Luís Amado apela a "entendimento alargado"

O ex-ministro socialista Luís Amado afirmou hoje que o programa de ajuda externa a Portugal reduz a margem de manobra do Governo e dos partidos da oposição, mas apelou a um "entendimento alargado" no Orçamento.

"Acho que estamos numa fase em que a margem de manobra é muito reduzida, quer para o Governo, quer para a oposição. Não podemos esquecer que estamos condicionados por um programa de ajustamento que é muito exigente imposto pelos nossos credores", sustentou o antigo ministro dos Negócios Estrangeiros.

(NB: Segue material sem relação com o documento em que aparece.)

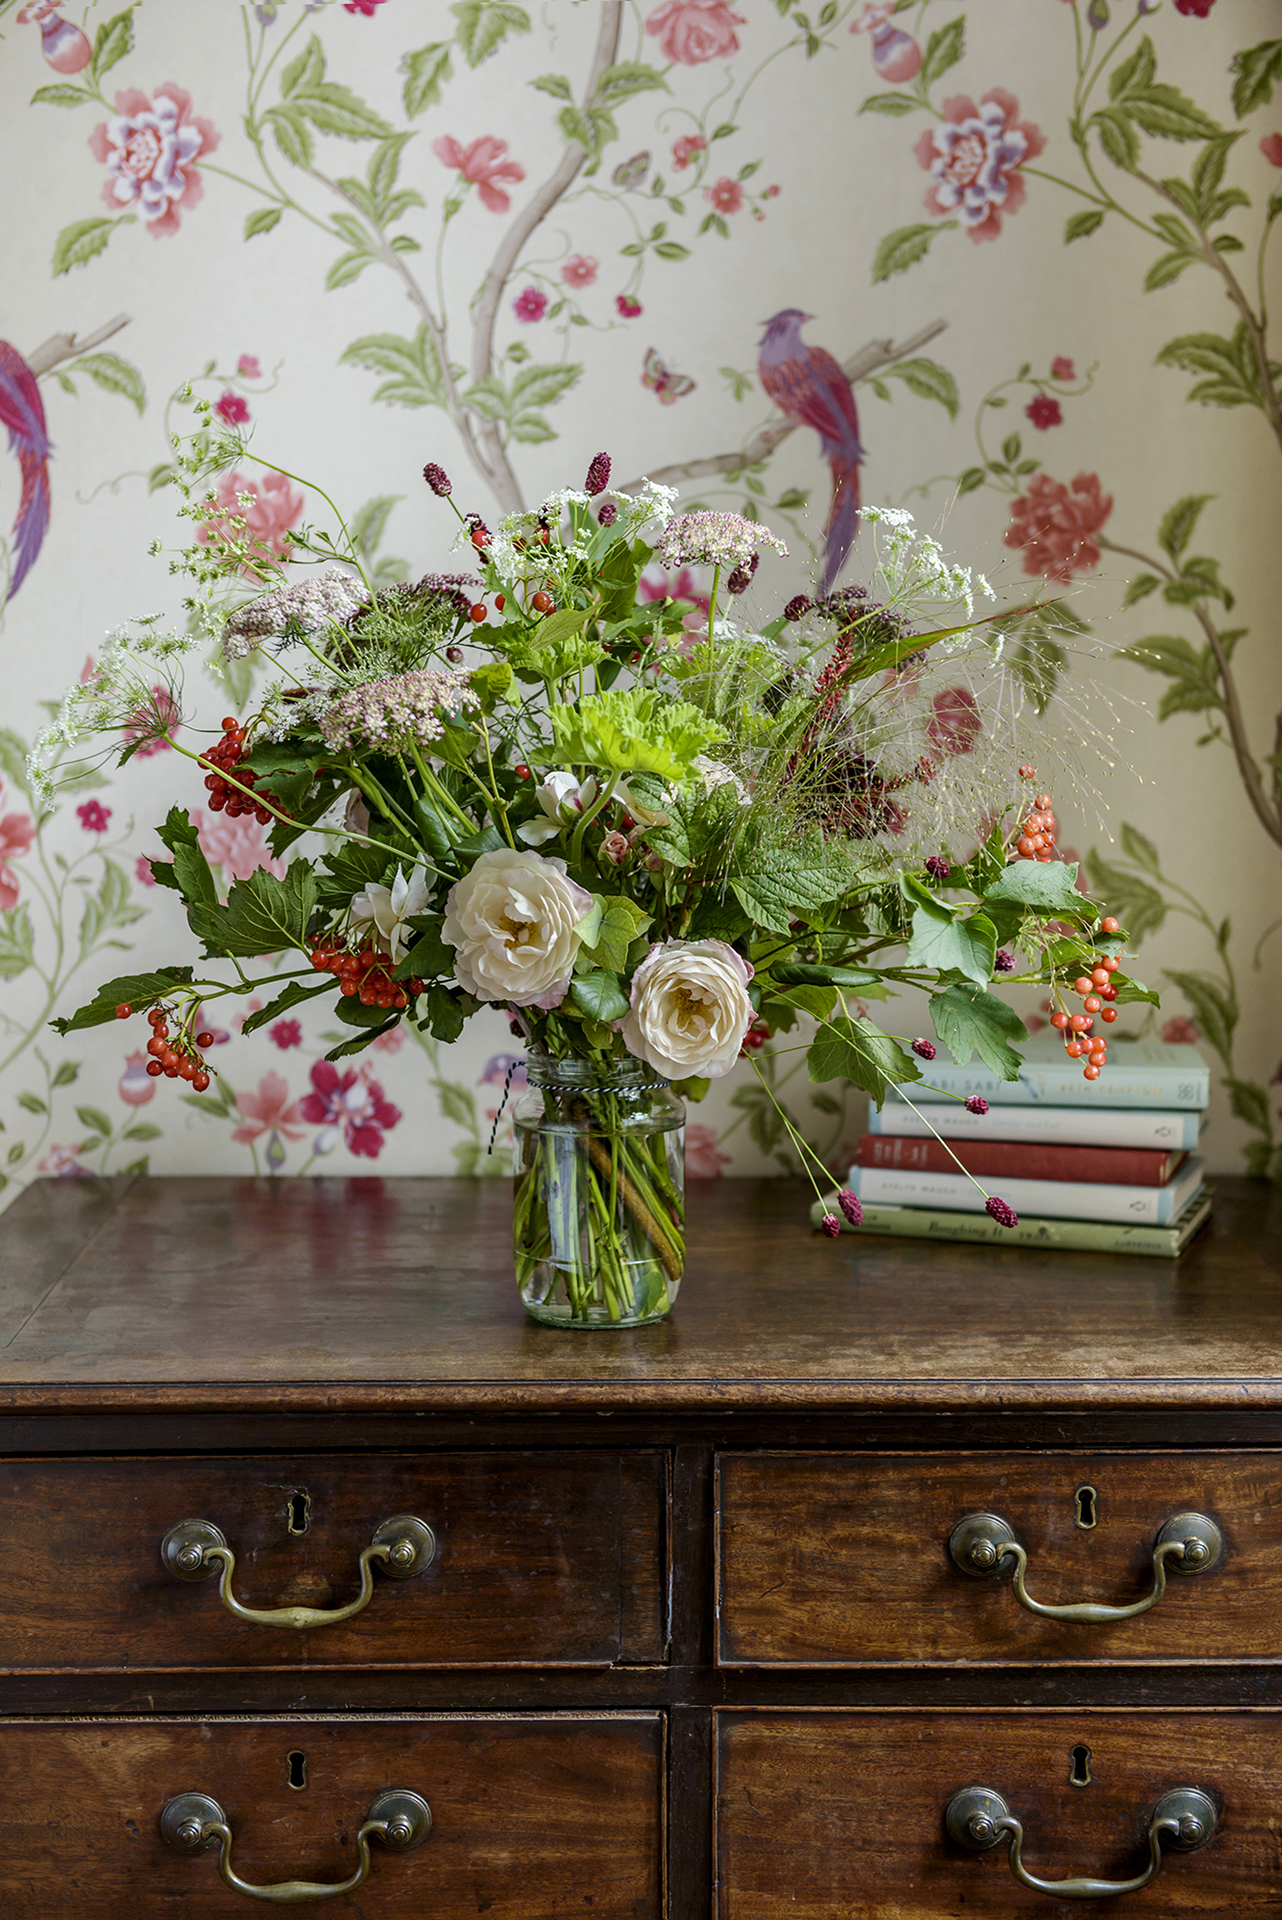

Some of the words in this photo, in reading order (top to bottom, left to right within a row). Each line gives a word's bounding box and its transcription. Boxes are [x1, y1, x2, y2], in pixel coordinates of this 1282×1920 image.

[964, 1079, 1000, 1092] SABI
[1060, 1083, 1092, 1094] BETH
[1099, 1083, 1162, 1096] KEMPTON
[928, 1221, 987, 1239] Roughing

Em declarações à agência Lusa à margem das conferências da Universidade Política de Lisboa organizada pela JSD, Luís Amado defendeu "um entendimento mais alargado possível relativamente às principais orientações do Orçamento".

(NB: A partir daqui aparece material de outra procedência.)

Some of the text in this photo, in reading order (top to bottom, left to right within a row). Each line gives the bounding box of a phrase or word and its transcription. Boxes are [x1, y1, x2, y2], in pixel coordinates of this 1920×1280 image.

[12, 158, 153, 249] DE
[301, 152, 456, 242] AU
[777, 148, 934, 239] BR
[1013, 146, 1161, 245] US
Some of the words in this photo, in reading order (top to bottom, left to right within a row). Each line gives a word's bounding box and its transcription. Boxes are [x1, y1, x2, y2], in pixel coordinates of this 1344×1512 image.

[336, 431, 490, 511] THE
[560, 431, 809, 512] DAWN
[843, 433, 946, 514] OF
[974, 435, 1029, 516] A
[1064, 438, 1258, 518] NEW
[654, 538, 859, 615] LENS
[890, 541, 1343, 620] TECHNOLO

O antigo dirigente socialista admitiu que "tem havido divergências que parecem já insanáveis".

No entanto, "há uma maioria no Parlamento e há condições para cumprir o programa económico que o Orçamento do Estado propõe que seja desenvolvido", acrescentou.

O anterior titular da pasta dos Negócios Estrangeiros participou hoje, em Cascais, no segundo dia da primeira Universidade Política da JSD de Lisboa, onde reforçou o apelo para um "espírito aberto" entre Governo e partidos da oposição.

"Não nos devemos fechar nas nossas capelinhas ideológicas de cada partido. Isto vale para PSD, PS e também os partidos mais à esquerda", frisou.

Luís Amado disse ainda que o próximo ano será "o mais difícil das últimas décadas", em que se pede "grande exigência e rigor a todos os portugueses".